On September 10, 1947, Edwards acquired title to parcel 3 from John Hamre, who then owned the 26.5 foot strip of land constituting the disputed right-of-way. The deed for this transfer, following the description of parcel 3, contains a recital that "[s]aid grantee has right of way over land of Grantor to Chestnut Street" and also refers to a map dated August 11, 1947, showing parcel 3 with the legend, "Land of John A. Hamre to be deeded to George Edwards," as well as a further legend indicating that George Edwards and two others "have a right of way" over the strip leading to Chestnut Street. This recital and the map are apparently the sole basis for the trial court's conclusion that John Hamre intended to give to George Edwards, the plaintiff's predecessor in title to parcels 2, 3 and 4, a right-of-way as an appurtenance to parcel 2 over the 26.5 foot strip. Prior to this conveyance, Edwards possessed such a right by virtue of his ownership of parcel 4, as the plaintiff concedes.
The construction of a deed in order to ascertain the intent expressed in the deed presents a question of law and requires consideration of all its relevant provisions in the light of the surrounding circumstances. Taylor v. Dennehy, 136 Conn. 398, 402, 71 A.2d 596 (1950). On appeal the scope of review of such a question is plenary and does not require "`the customary deference to the trial court's factual inferences.'" Contegni v. Payne, 18 Conn. App. 47, 51, 557 A.2d 122 (1989). In this case the language of the deed as well as of the map legends does not unequivocally create an easement over the strip for the benefit of parcel 2, but may have been intended simply to acknowledge that the grantee, as the owner of parcel 4, had such an easement. See Ozyck v. D'Atri, 206 Conn. 473, 479, 538 A.2d 697 (1988). Even if this language could reasonably be construed to have created a right-of-way over the strip, the absence of any reference to parcel 2, except as a boundary in the description of parcel 3, would indicate that its benefit was restricted to parcel 3. Furthermore, the map referred to in the deed of parcel 3 from John Hamre to Edwards, dated approximately one month before that conveyance, shows parcel 2 to have a ten foot right-of-way over land of Frank Beach, its previous owner, to East Main Street.

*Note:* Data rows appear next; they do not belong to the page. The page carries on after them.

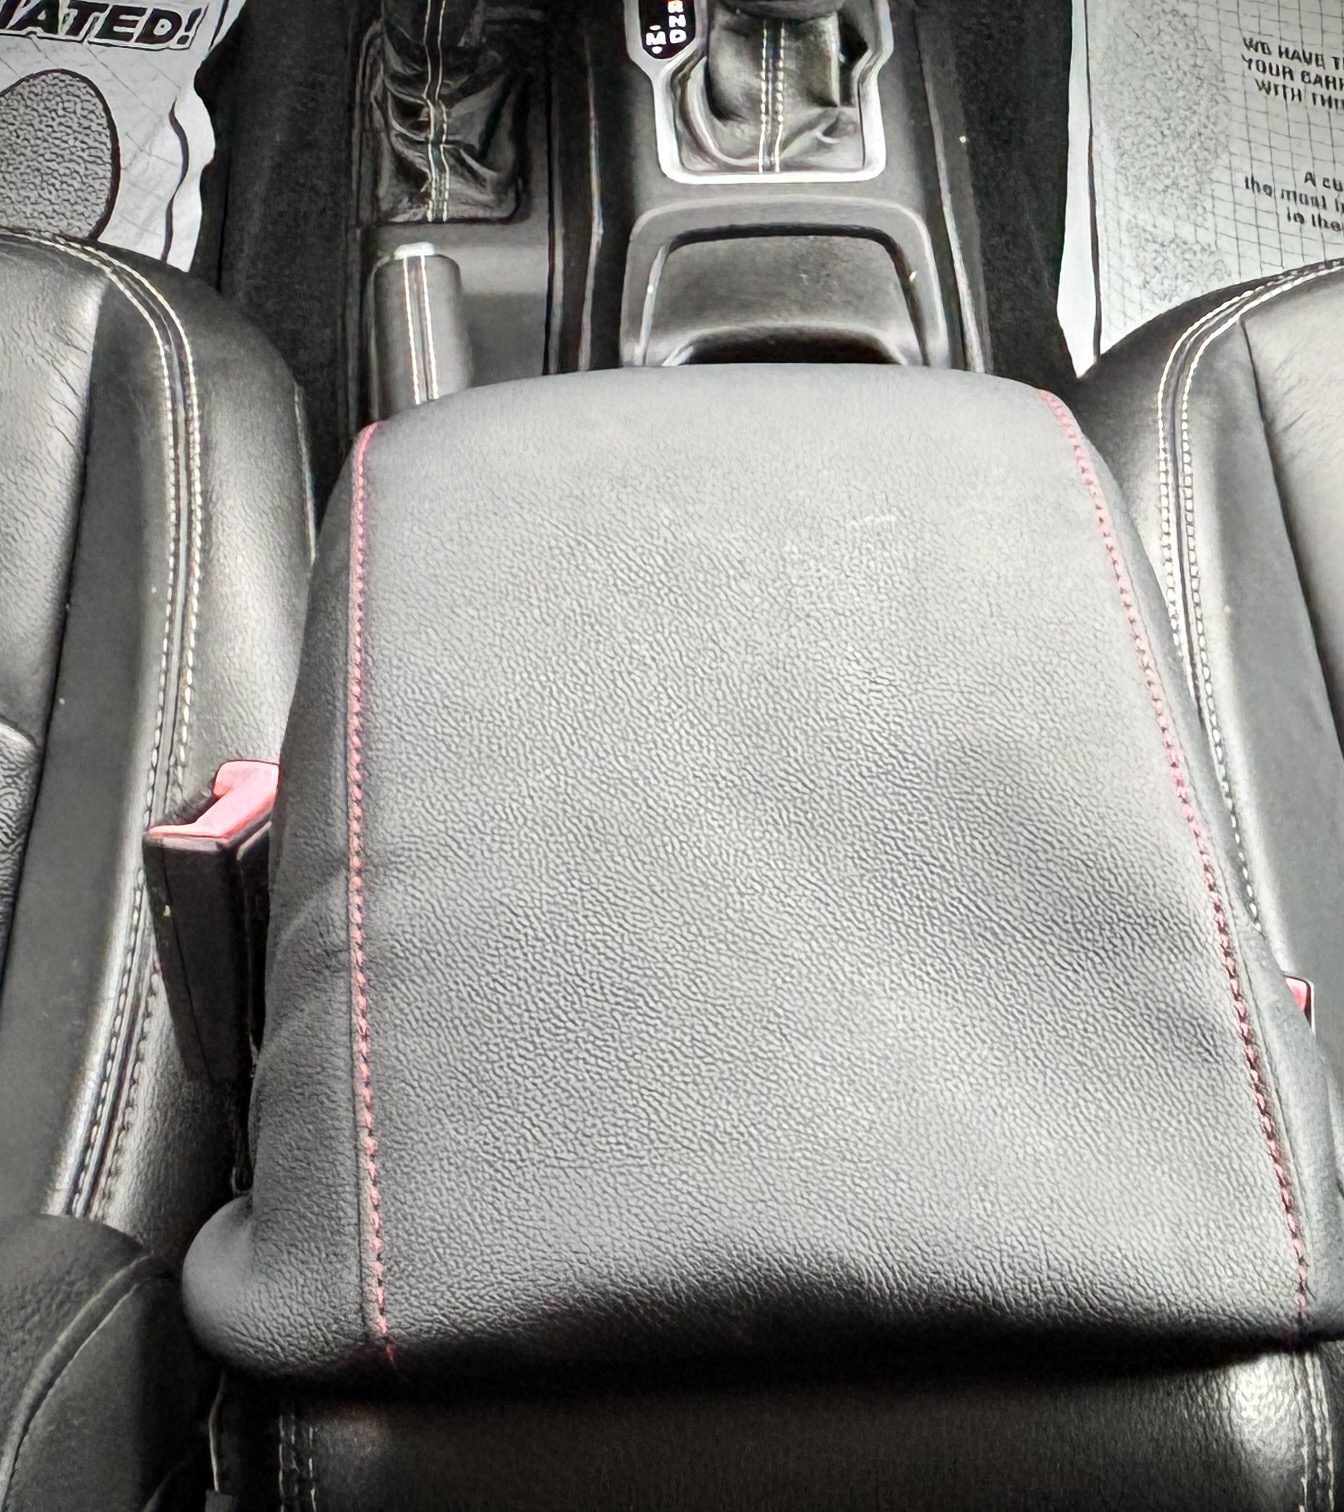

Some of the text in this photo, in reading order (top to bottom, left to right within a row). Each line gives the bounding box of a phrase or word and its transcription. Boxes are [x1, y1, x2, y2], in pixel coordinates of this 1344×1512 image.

[668, 0, 684, 13] R
[669, 14, 686, 27] N
[646, 31, 666, 45] M
[669, 30, 687, 44] D
[1278, 45, 1325, 68] HAVE
[1241, 53, 1295, 82] YOUR
[1254, 78, 1303, 103] WITH
[1304, 172, 1317, 187] A
[1244, 174, 1273, 194] the
[1280, 188, 1328, 211] most
[1312, 211, 1341, 232] the
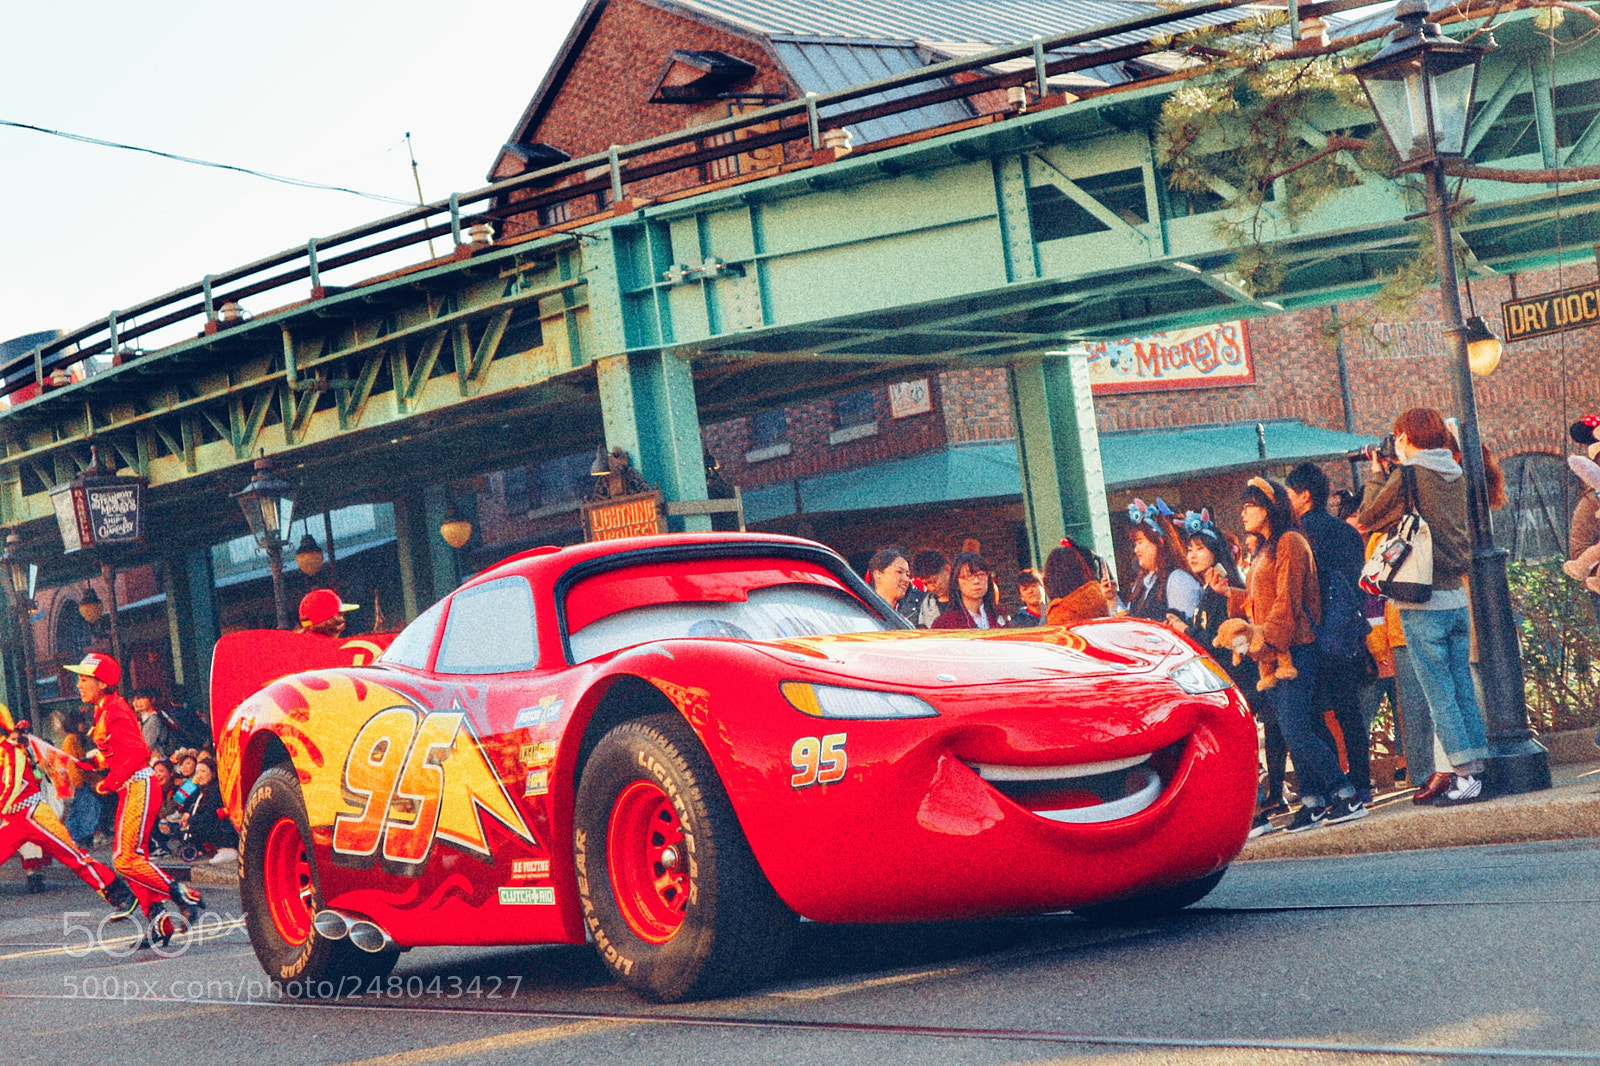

See footnote 5, supra. At the time of trial this right-of-way was overgrown and was obstructed by a garage erected on the servient property several years before the defendant acquired parcel 2.
"The way can become legally attached to the dominant estate only if the same person has unity of title to both the way and the dominant estate." Curtin v. Franchetti, 156 Conn. 387, 389, 242 A.2d 725 (1968). Under this rule the conveyance of parcel 3 by John Hamre to George Edwards could not have created a right-of-way over the 26.5 foot strip as an appurtenance to parcel 2, even if such an intention were plainly expressed in the deed, because John Hamre did not then own parcel 2, the "dominant estate," but only the "way," the servient estate. The defendant urges that we overrule Curtin and abandon the unity of title doctrine, as several other states have done. See, e.g., Willard v. First Church of Christ, Scientist, 7 Cal.3d 473, 498 P.2d 987, 102 Cal.Rptr. 987 (1972); Townsend v. Cable, 378 S.W.2d 806, 808 (Ky. 1964); Garza v. Grayson, 255 Or. 413, 467 P.2d 960 (1970).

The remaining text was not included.